The Think Tank for Inclusion and Equity survey supports her observation, noting that “almost half of diverse writers get their first/second job as a ‘diversity slot hire,’” often through fellowships and other programs that are subsidized, effectively providing employers with discounted labor.
“Diversity has been stretched to cover so much ground that the unfinished business of the civil rights movement has been lost”
And in the even smaller and more fiercely competitive field of feature films, there’s still a sense that diverse talent is a sort of commodity. Hall, an actress at the top of her profession — she’s been compared to both Meryl Streep and Lucille Ball — still finds the inertia of white males atop the power structure frustrating.
“It’s not conscious — it’s Hollywood,” she said. “I am a woman, and it is always harder for women. Black actresses — there’s maybe ten of us, and there’s often [the attitude] ‘If you can’t get this [black actor], get that one.’”
Hall said that for every casting director who put her in a role people saw on screen, there were innumerable rejections, even as her resume and critical reception made her more visible.
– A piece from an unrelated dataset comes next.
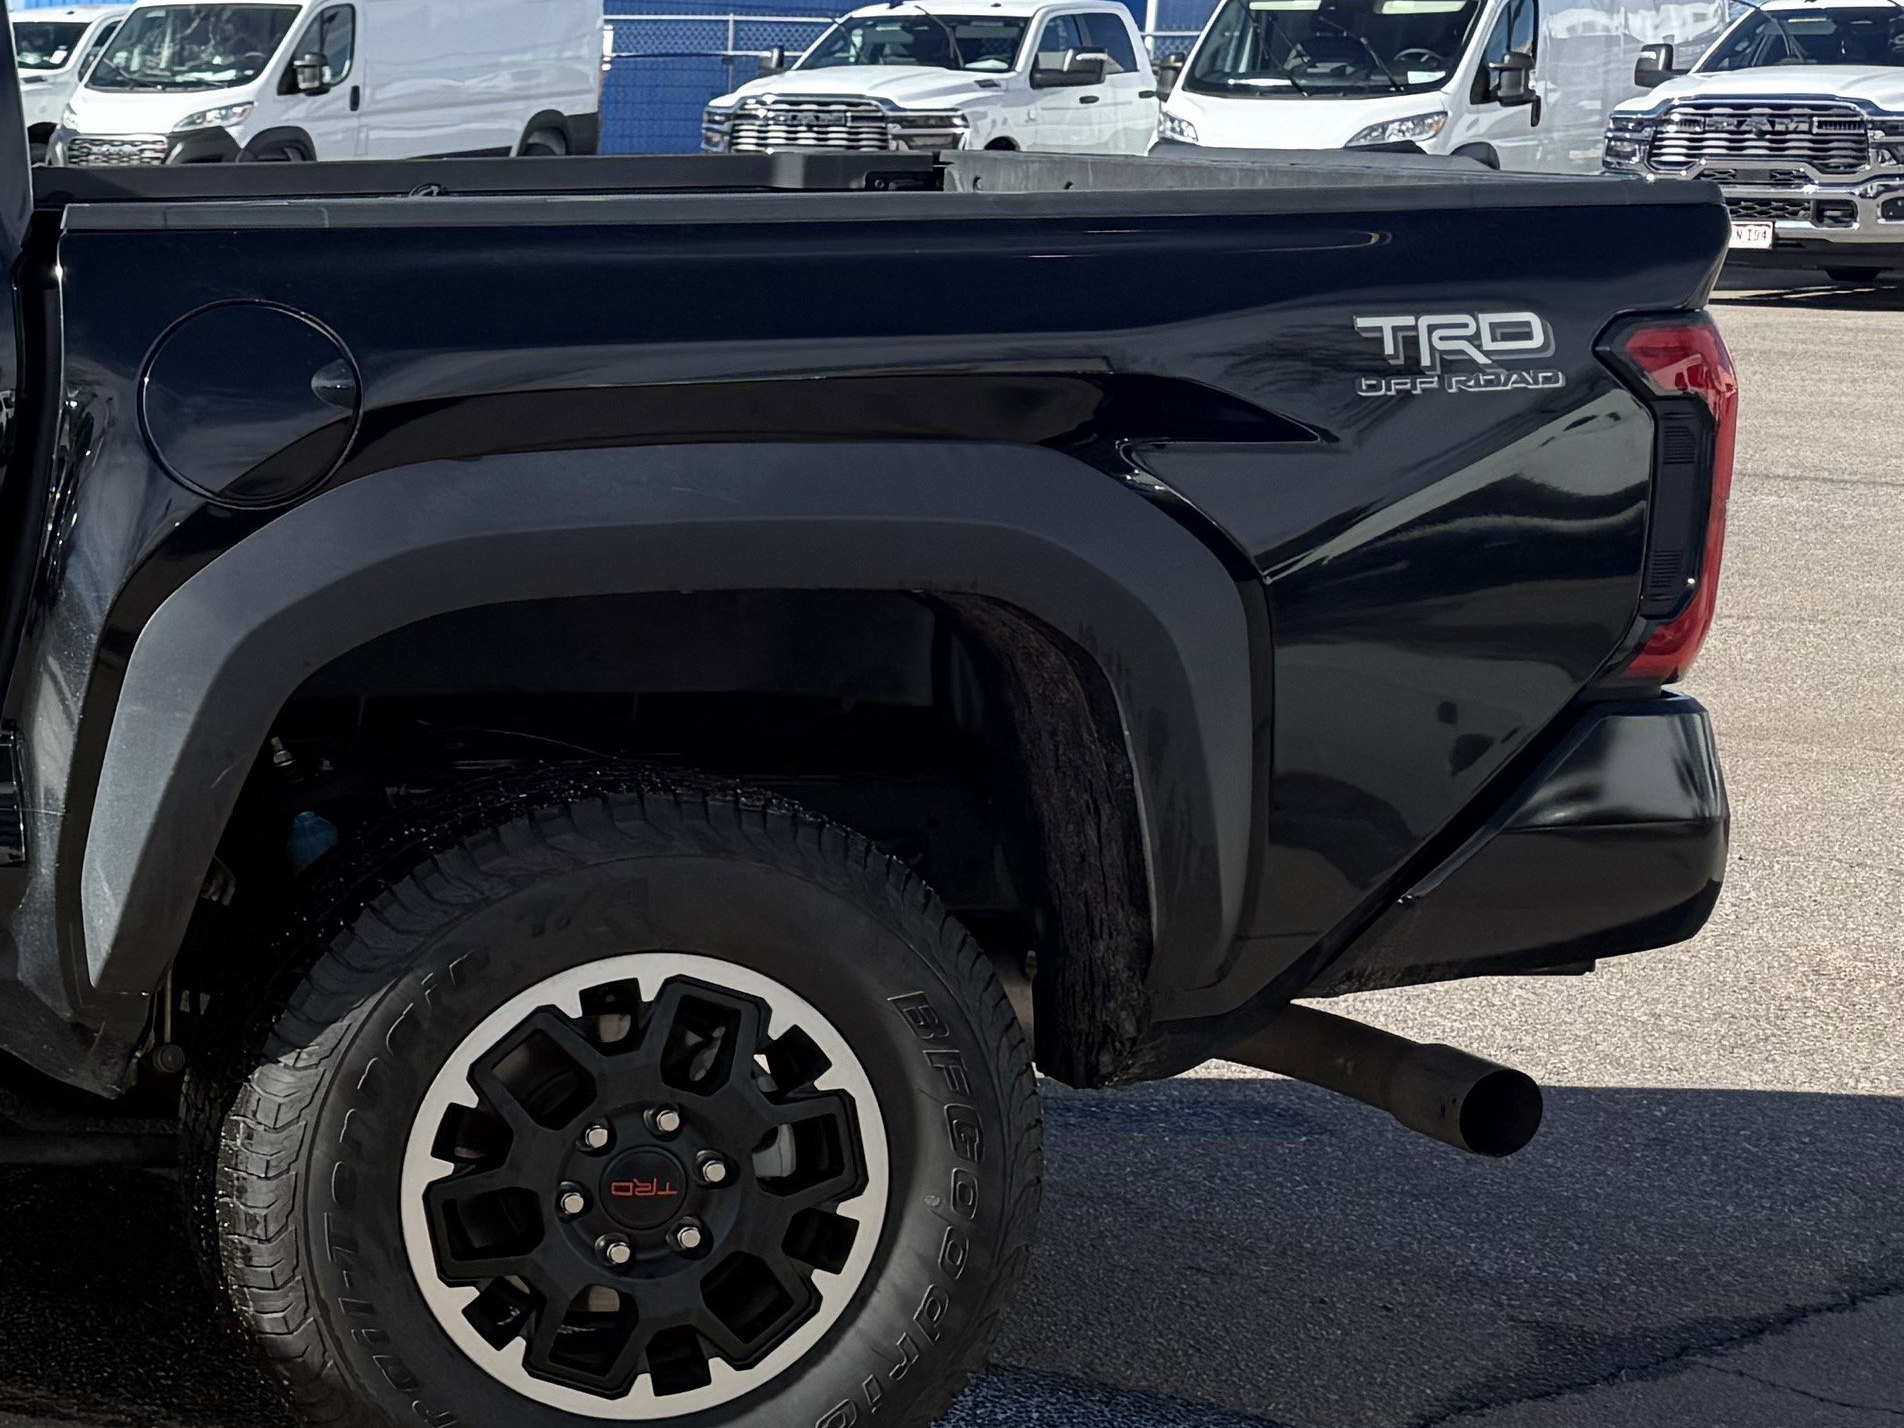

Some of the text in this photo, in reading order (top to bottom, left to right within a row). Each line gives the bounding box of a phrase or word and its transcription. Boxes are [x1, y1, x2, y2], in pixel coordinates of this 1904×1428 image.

[1354, 312, 1553, 372] TRD
[1356, 369, 1567, 397] OFF ROAD
[611, 1178, 679, 1197] TRD
How does that change? With some solidarity and conscious efforts, said Hall, “when people around you fight to expand the vision of what you can do.”
Substantive diversity may well be gaining momentum: The 2019 New York Film Critics Circle Award for Best Actress went to Lupita Nyong’o, the Kenyan-Mexican actress whose star turn in Us directed by Jordan Peele, an African-America sketch comedy star now directing horror films that center around themes of racism in the United States, established another artist who’s moving the needle for change.